Metaphor soup: It has been a big week for mixed metaphors. On Monday, a business story about the recent upheavals at Marks & Spencer lurched from the shooting range to the poker table, reporting that "last week's bid was no more than a sighting shot, implying there was always the intention to up the ante". On Wednesday's opinion page, Michael Brown achieved a daring synthesis of chemistry and physics with "This certainly turned out to be the catalyst for allowing the UKIP campaign to gain momentum". Last Saturday, a news story began with this remarkable image: "They are the nascent standard-bearers for British poetry." You can just see them, emerging from the womb waving their little Union Flags.

Wonder-horses: A sport page reported on Wednesday: "While England trained at the Estadio Nacional yesterday, mounted police patrolled the wooden slopes overlooking the pitch." That should be "wooded slopes". Portuguese police horses are, no doubt, remarkable animals, but I don't believe even they can keep their footing on wooden slopes.

Banking secrets: On Wednesday, we reported the appearance before an employment tribunal of "a senior female banker". Perhaps there is an order of seniority among female bankers. But if not, that should have been "a female senior banker".
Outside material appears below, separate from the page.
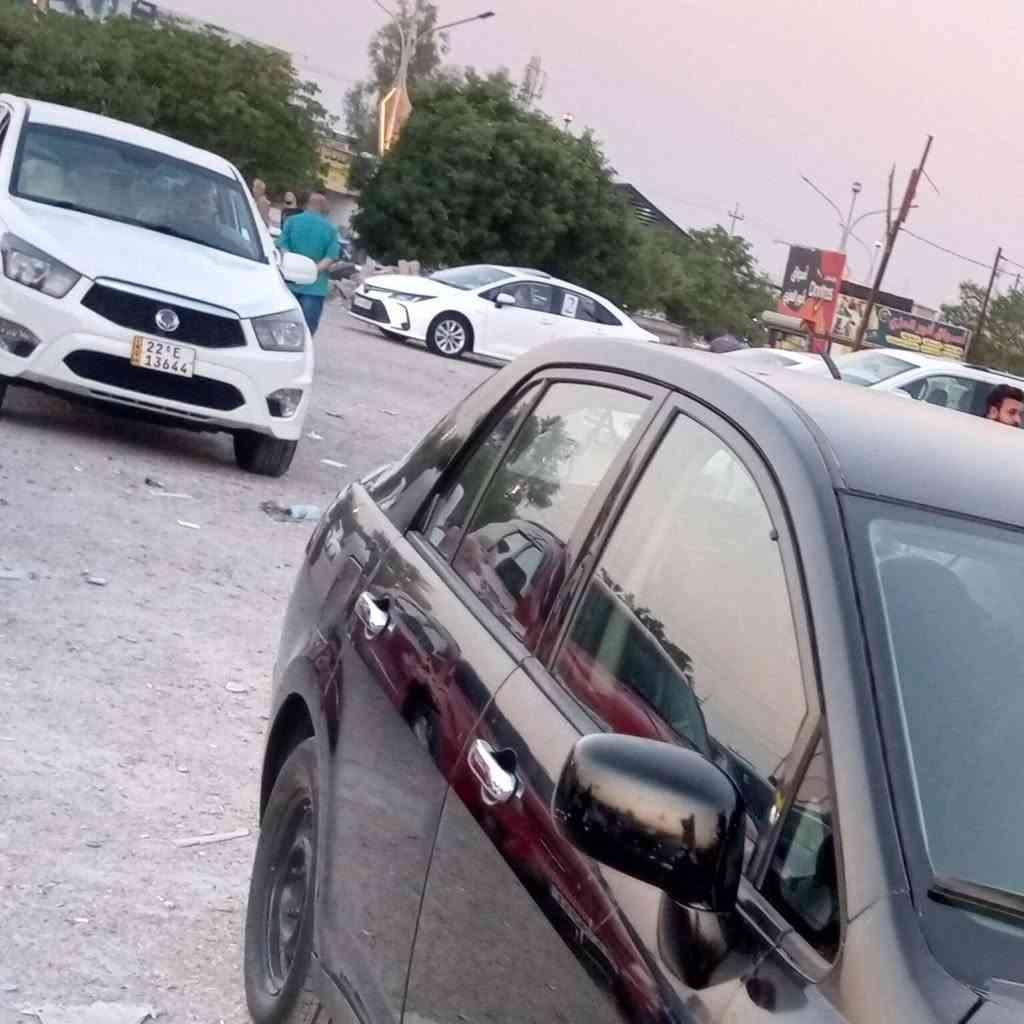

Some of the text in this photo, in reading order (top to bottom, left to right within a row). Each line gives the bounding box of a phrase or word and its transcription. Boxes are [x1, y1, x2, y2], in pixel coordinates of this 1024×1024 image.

[147, 341, 163, 354] 22
[173, 347, 180, 359] E
[144, 355, 187, 373] 13644
Cliché of the week: "An elderly woman had a lucky escape yesterday," we reported on Monday, "after an explosion razed her house to the ground, burying her under the rubble." "Raze" is derived from a Latin verb meaning to scrape (see also "razor"). It paints a picture of a structure being cut right down to ground level by some deliberate and systematic action, as when fortifications are levelled. "To the ground" is otiose. In this case, the house was merely destroyed by accident, and a photograph accompanying the story showed a pile of wreckage as high as a man - nowhere near ground level. At least we did not call the woman's escape miraculous.